I'm writing on behalf of my wife. She gave birth to our beautiful daughter about 11 weeks ago. Unfortunately it was a forceps delivery. She's suffered several complications ranging from severe hemorrhoids to a third degree perineal tear.
But the injury that has us the most worried is her grade 2 bladder prolapse. My wife was in terrible pain up until recently. She's now able to sit up for longer periods of time and the pain is going away. She still has pain and discomfort in the area of her vagina -- especially when she walks. But she's only had a few occurrences of mild urine incontinence, and she's doing kegel exercises under the direction of a physical therapist. Our concerns are whether her bladder prolapse will ever fully recover. Is it possible for her to get back to "grade 0" bladder prolapse, meaning no prolapse? We're also very concerned about future pregnancies. We'd like to have one or two more children, but we're very worried that even if we opt for a c-section that the prolapse will become worse during the pregnancy. So our questions are whether she can completely recover and if it's possible to have more children without causing further bladder prolapse.
My wife is 28 yrs old and hasn't had any major health problems before. This was her first pregnancy. It seems very difficult to find solid, reliable information on postpartum bladder prolapse, so I would appreciate your input as well as any suggestions for what books or resources to study.
I can have administration remove your post if you like, I'll answer your questions to the best of my ability and if you still want the post removed, let me know and I can get word to admin to take it off.

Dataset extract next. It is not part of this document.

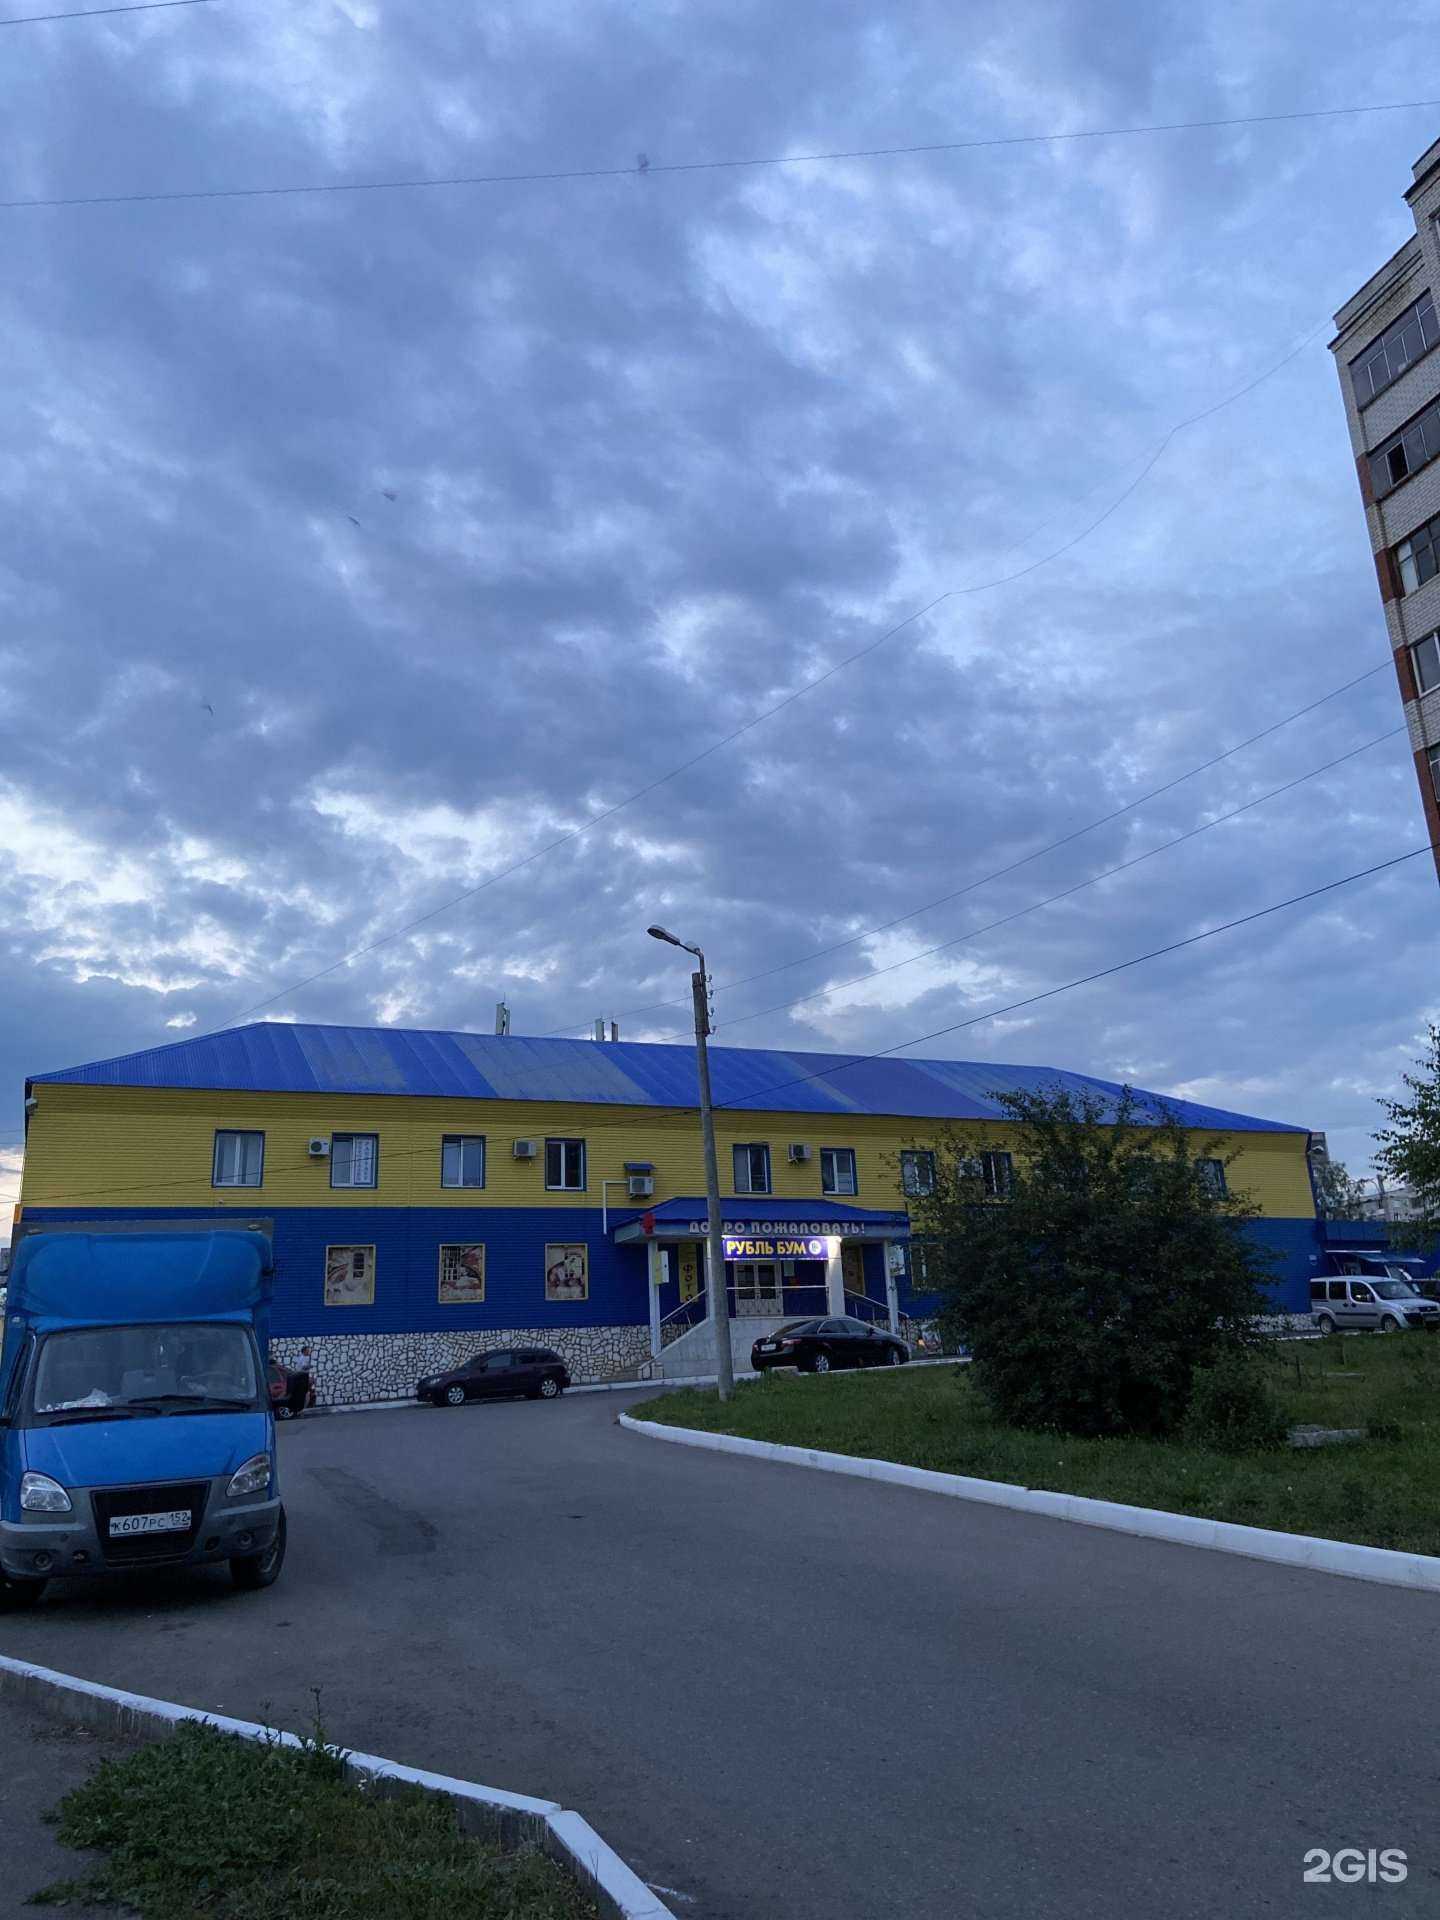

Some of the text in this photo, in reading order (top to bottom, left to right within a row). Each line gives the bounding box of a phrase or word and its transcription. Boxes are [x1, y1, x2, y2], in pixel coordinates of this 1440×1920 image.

First of all, know that your wife is not alone with sustaining damage to her pelvic floor after forceps delivery; unfortunately this type of delivery can damage surrounding tissues. I'm so glad to hear she is under the guidance of a PT, I am hopeful that the PT is certified in WCS or CAPP, these are women's pelvic floor specialists. Doing Kegels properly will be of great benefit to your wife; they will help her regain strength in her pc muscle as well as bring blood to the pelvic floor area which will help it heal faster. Doing them properly is important, your wife should be varying sustained and pulsing contractions. It is important to recognize that the tissues need to heal b/4 she can regain pelvic floor health again and that takes time when much damage is done. Another path to investigate is myofascial release therapy; often women who have scar tissue from this type of damage are not able to contract their pc muscle completely because fascial restrictions limit range of contraction. A certified MFR therapist can assist release of these restrictions. Some PTs utilize this type of therapy.
As she continues her Kegel exercises, the incontinence should go away; Kegels are a path that she should plan on adding to her daily maintenance for life just like brushing her teeth. Doing them while on the computer or when stopping at stop signs and lights will enable her to maintain her pelvic floor health; after doing them for a while in one of these patterns it will become habit.
More good news is that by doing Kegels on a regular basis, it helps the pc maintain an "elastic" property which assists the delivery process; that will be of benefit for future deliveries. A C-section is not the answer, every time you cut into the pelvic cavity, you increase risk of scar tissue and weaken abdominal muscle structure which supports the pelvic cavity from the outside. Having a strong abdominal muscle core on the outside and a strong pc muscle on the inside is the best direction women can aim for.
Being aware of the signs and symptoms of POP (there are 5 types, a cystocele-bladder prolapse-is just one of them) is a great step to assist women in recognition of this extremely common, cryptic health issue. I am so happy to hear that your wife is taking a proactive approach and you are on board to help her in any way you can.